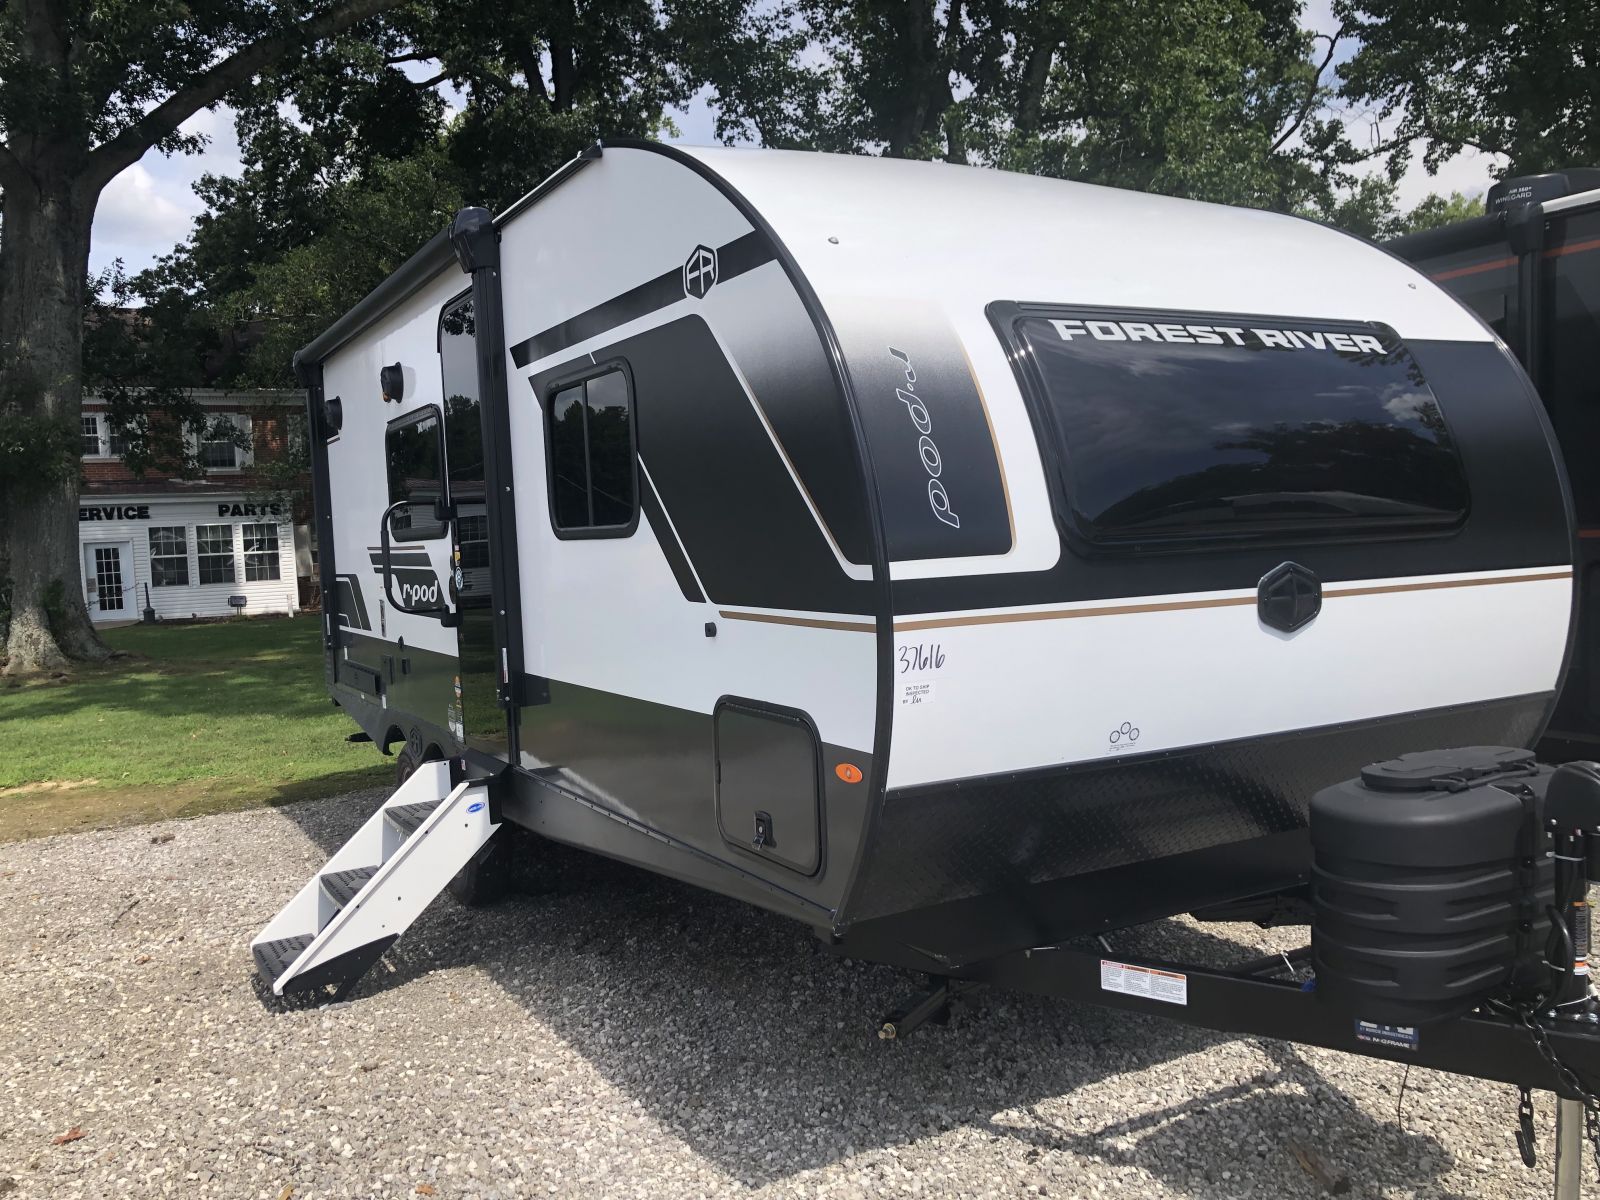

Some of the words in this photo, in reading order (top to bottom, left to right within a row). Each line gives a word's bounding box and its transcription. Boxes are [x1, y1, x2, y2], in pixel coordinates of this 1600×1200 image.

[1047, 319, 1246, 346] FOREST
[1250, 328, 1388, 355] RIVER
[79, 505, 150, 521] ERVICE
[218, 503, 282, 517] PARTS
[899, 644, 946, 674] 37616

Goal of the exercise:
What you return must match the records line for line, with the pictures left out.

Result for this exercise:
Some of the words in this photo, in reading order (top to bottom, left to right within a row). Each line gives a word's bounding box and its transcription. Boxes are [x1, y1, x2, y2], in pixel coordinates of this 1600×1200 image.

[1047, 319, 1246, 346] FOREST
[1250, 328, 1388, 355] RIVER
[79, 505, 150, 521] ERVICE
[218, 503, 282, 517] PARTS
[899, 644, 946, 674] 37616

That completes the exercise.